SUPPLIED INFORMATION:
####
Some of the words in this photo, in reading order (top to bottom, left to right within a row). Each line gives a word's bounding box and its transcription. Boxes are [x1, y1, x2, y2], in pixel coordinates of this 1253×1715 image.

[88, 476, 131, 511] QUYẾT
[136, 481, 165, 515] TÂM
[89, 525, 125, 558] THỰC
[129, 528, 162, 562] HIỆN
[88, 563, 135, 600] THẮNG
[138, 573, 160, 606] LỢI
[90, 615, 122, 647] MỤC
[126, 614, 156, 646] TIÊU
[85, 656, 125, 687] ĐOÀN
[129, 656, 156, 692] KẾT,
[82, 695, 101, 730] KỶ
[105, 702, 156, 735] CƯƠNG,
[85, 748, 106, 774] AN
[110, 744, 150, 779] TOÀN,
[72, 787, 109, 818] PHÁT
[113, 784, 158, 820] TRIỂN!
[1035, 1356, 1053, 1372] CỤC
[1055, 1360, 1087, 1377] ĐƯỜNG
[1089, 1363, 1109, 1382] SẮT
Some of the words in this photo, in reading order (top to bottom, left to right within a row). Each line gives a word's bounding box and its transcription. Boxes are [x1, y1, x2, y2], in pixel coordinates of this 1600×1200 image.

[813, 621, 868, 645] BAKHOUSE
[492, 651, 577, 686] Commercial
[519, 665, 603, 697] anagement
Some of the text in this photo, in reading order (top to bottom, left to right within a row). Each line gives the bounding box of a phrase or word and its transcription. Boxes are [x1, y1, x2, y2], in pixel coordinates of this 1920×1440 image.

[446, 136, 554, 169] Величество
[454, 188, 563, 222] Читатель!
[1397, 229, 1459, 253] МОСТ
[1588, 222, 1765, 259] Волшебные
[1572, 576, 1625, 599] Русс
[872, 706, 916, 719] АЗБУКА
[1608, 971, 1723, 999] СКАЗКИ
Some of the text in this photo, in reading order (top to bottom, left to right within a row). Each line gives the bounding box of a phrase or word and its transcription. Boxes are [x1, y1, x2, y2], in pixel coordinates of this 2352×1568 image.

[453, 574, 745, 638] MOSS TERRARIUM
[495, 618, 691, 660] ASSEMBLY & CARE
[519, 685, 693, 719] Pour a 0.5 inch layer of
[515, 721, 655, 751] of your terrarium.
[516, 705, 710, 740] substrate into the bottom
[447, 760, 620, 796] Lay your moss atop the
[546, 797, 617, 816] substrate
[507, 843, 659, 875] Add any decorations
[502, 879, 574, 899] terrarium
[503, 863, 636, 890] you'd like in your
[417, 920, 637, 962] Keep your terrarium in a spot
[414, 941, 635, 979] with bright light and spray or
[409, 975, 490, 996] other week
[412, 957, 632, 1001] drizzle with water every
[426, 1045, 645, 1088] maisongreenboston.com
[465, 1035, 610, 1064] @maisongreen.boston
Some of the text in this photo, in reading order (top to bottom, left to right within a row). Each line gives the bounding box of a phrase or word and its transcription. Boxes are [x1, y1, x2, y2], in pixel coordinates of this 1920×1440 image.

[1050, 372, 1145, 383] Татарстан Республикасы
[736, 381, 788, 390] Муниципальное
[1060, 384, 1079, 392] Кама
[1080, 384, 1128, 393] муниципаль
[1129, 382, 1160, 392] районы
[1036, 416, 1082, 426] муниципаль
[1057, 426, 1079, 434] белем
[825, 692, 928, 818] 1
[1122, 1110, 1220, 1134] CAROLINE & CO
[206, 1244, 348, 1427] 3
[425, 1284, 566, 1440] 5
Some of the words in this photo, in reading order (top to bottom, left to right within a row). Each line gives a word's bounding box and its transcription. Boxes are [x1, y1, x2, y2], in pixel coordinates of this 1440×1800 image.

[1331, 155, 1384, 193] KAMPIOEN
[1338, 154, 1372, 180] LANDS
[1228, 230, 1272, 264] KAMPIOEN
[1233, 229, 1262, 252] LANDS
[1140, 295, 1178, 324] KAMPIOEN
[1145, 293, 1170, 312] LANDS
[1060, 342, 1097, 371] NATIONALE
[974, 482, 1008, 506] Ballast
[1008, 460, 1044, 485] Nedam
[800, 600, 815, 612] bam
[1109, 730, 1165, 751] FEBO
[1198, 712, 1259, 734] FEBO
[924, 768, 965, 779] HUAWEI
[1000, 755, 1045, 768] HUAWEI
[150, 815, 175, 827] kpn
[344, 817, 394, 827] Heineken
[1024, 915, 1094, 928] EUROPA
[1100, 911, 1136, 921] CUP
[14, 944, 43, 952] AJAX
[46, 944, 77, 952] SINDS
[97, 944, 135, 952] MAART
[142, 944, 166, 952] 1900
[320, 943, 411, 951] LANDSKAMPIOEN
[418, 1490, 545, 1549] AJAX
####
TASK GOAL: Every record, from top to bottom, must be transcribed exactly.

TASK ANSWER:
Some of the words in this photo, in reading order (top to bottom, left to right within a row). Each line gives a word's bounding box and its transcription. Boxes are [x1, y1, x2, y2], in pixel coordinates of this 1253×1715 image.

[88, 476, 131, 511] QUYẾT
[136, 481, 165, 515] TÂM
[89, 525, 125, 558] THỰC
[129, 528, 162, 562] HIỆN
[88, 563, 135, 600] THẮNG
[138, 573, 160, 606] LỢI
[90, 615, 122, 647] MỤC
[126, 614, 156, 646] TIÊU
[85, 656, 125, 687] ĐOÀN
[129, 656, 156, 692] KẾT,
[82, 695, 101, 730] KỶ
[105, 702, 156, 735] CƯƠNG,
[85, 748, 106, 774] AN
[110, 744, 150, 779] TOÀN,
[72, 787, 109, 818] PHÁT
[113, 784, 158, 820] TRIỂN!
[1035, 1356, 1053, 1372] CỤC
[1055, 1360, 1087, 1377] ĐƯỜNG
[1089, 1363, 1109, 1382] SẮT
Some of the words in this photo, in reading order (top to bottom, left to right within a row). Each line gives a word's bounding box and its transcription. Boxes are [x1, y1, x2, y2], in pixel coordinates of this 1600×1200 image.

[813, 621, 868, 645] BAKHOUSE
[492, 651, 577, 686] Commercial
[519, 665, 603, 697] anagement
Some of the text in this photo, in reading order (top to bottom, left to right within a row). Each line gives the bounding box of a phrase or word and its transcription. Boxes are [x1, y1, x2, y2], in pixel coordinates of this 1920×1440 image.

[446, 136, 554, 169] Величество
[454, 188, 563, 222] Читатель!
[1397, 229, 1459, 253] МОСТ
[1588, 222, 1765, 259] Волшебные
[1572, 576, 1625, 599] Русс
[872, 706, 916, 719] АЗБУКА
[1608, 971, 1723, 999] СКАЗКИ
Some of the text in this photo, in reading order (top to bottom, left to right within a row). Each line gives the bounding box of a phrase or word and its transcription. Boxes are [x1, y1, x2, y2], in pixel coordinates of this 2352×1568 image.

[453, 574, 745, 638] MOSS TERRARIUM
[495, 618, 691, 660] ASSEMBLY & CARE
[519, 685, 693, 719] Pour a 0.5 inch layer of
[515, 721, 655, 751] of your terrarium.
[516, 705, 710, 740] substrate into the bottom
[447, 760, 620, 796] Lay your moss atop the
[546, 797, 617, 816] substrate
[507, 843, 659, 875] Add any decorations
[502, 879, 574, 899] terrarium
[503, 863, 636, 890] you'd like in your
[417, 920, 637, 962] Keep your terrarium in a spot
[414, 941, 635, 979] with bright light and spray or
[409, 975, 490, 996] other week
[412, 957, 632, 1001] drizzle with water every
[426, 1045, 645, 1088] maisongreenboston.com
[465, 1035, 610, 1064] @maisongreen.boston
Some of the text in this photo, in reading order (top to bottom, left to right within a row). Each line gives the bounding box of a phrase or word and its transcription. Boxes are [x1, y1, x2, y2], in pixel coordinates of this 1920×1440 image.

[1050, 372, 1145, 383] Татарстан Республикасы
[736, 381, 788, 390] Муниципальное
[1060, 384, 1079, 392] Кама
[1080, 384, 1128, 393] муниципаль
[1129, 382, 1160, 392] районы
[1036, 416, 1082, 426] муниципаль
[1057, 426, 1079, 434] белем
[825, 692, 928, 818] 1
[1122, 1110, 1220, 1134] CAROLINE & CO
[206, 1244, 348, 1427] 3
[425, 1284, 566, 1440] 5
Some of the words in this photo, in reading order (top to bottom, left to right within a row). Each line gives a word's bounding box and its transcription. Boxes are [x1, y1, x2, y2], in pixel coordinates of this 1440×1800 image.

[1331, 155, 1384, 193] KAMPIOEN
[1338, 154, 1372, 180] LANDS
[1228, 230, 1272, 264] KAMPIOEN
[1233, 229, 1262, 252] LANDS
[1140, 295, 1178, 324] KAMPIOEN
[1145, 293, 1170, 312] LANDS
[1060, 342, 1097, 371] NATIONALE
[974, 482, 1008, 506] Ballast
[1008, 460, 1044, 485] Nedam
[800, 600, 815, 612] bam
[1109, 730, 1165, 751] FEBO
[1198, 712, 1259, 734] FEBO
[924, 768, 965, 779] HUAWEI
[1000, 755, 1045, 768] HUAWEI
[150, 815, 175, 827] kpn
[344, 817, 394, 827] Heineken
[1024, 915, 1094, 928] EUROPA
[1100, 911, 1136, 921] CUP
[14, 944, 43, 952] AJAX
[46, 944, 77, 952] SINDS
[97, 944, 135, 952] MAART
[142, 944, 166, 952] 1900
[320, 943, 411, 951] LANDSKAMPIOEN
[418, 1490, 545, 1549] AJAX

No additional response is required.